Chapter 14 - Misha

The rain hasn't stopped since we crossed the Nevada border.

I sit in the back of the SUV, watching water streak across the windows, and try not to think about the blood on my hands.

Not literally—I washed it off at the rendezvous point, scrubbed until my skin was raw—but I can still feel it.

The warmth, the slickness, the way it pools in the creases of your palms when there's enough of it.

There was enough of it tonight.

The extraction went sideways almost immediately. Alexei's intelligence was good, but Crane had more men than we anticipated—reinforcements from a nearby property, called in when our team breached the perimeter. What should have been a surgical strike turned into a firefight.

We got the women out. All eight of them, including Mirella. They're on their way to a safe house now, where doctors will examine them and counselors will try to help them piece together whatever's left of their lives.

But four of Crane's men are dead. Three of them by my hand.

The first one came around a corner and I put two bullets in his chest before he could raise his weapon. The second tried to grab one of the women—Mirella, actually—and I broke his neck with my bare hands. The third was running for an alarm panel when I shot him in the back.

I don't regret any of it. Those men were complicit in horrors I don't want to think about. The world is better without them.

But that doesn't mean their blood washes off easily.

"Fifteen minutes out," Alexei says from the front seat.

I nod, though he's not looking at me. My clothes are still damp with rain and sweat, my shirt stained with blood that isn't mine. I should have changed before we left Nevada. Should have made myself presentable before returning to the estate.

But I'm tired. Bone-deep tired, the kind that settles into your marrow and doesn't let go.

And some part of me—the part that's been growing louder since Bianca arrived—wants her to see me like this.

Wants her to understand what I really am, what I really do, so she can make an informed decision about whether to keep walking toward me or finally turn away.

The gates come into view, wrought iron against the gray sky. The guards wave us through without stopping. Home. If you can call a gothic fortress full of ghosts and armed men a home.

The SUV pulls up to the front entrance, and I step out into the rain.

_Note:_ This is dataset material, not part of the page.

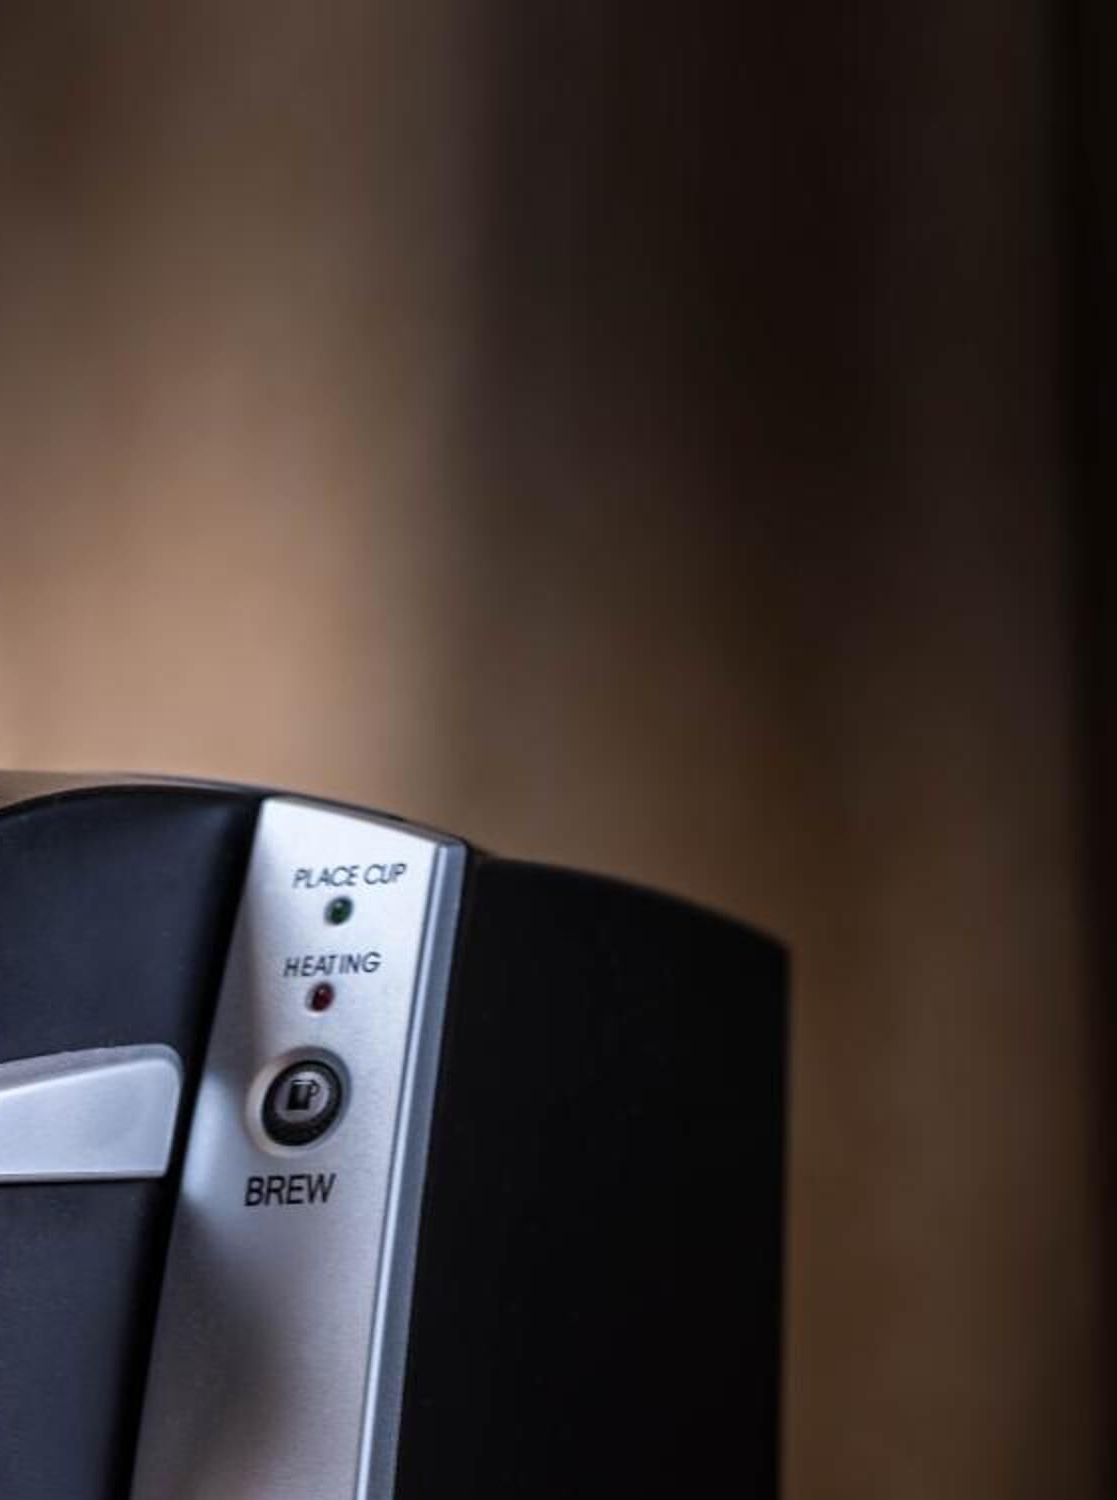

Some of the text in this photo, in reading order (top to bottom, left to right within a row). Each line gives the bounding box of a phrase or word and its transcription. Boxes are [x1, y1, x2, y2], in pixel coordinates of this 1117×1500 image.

[292, 863, 407, 888] PLACE CUP
[284, 952, 382, 977] HEATING
[244, 1174, 336, 1206] BREW

It's lighter now, more mist than downpour, but it soaks through my jacket within seconds. I don't care. The cold feels good. Clarifying.

I'm halfway to the door when I see her.

She's standing at the entrance to the greenhouse path, her hair wet, her clothes plastered to her body. She looks like she's been out here for a while, waiting. Watching.

Our eyes meet across the gravel.

For a moment, neither of us moves. The rain falls between us, soft and relentless. She looks different than she did yesterday—something has shifted in her expression, some wall has come down. I don't know what it means.

Then she starts walking toward me.

My heart stops. Stutters. Restarts at a rhythm that feels dangerous.

She should be running the other way. I'm covered in evidence of violence, reeking of gunpowder and death. Whatever she sees in my face right now, it can't be good. The darkness I carry isn't metaphorical tonight—it's written all over me.

But she keeps coming.

We meet in the middle of the driveway. She stops a few feet away, close enough that I can see the raindrops clinging to her eyelashes. Her eyes drop to my shirt, to the dark stains that the rain hasn't managed to wash away.

"Is that blood?" she asks.

"Yes."

"Yours?"

"No."

She doesn't flinch. Doesn't step back. Just looks at me with those gold-flecked eyes, processing.

"The women from the auction," she says. It's not a question.

"Yes. Mirella and seven others. They're safe now."

"You went yourself."

"It required a personal touch."

She's quiet for a moment. The rain continues to fall, soaking us both, but neither of us moves toward shelter.

"How many?" she asks finally.

I don't pretend to misunderstand. "Three. By my hand. More by my team."

"And the women?"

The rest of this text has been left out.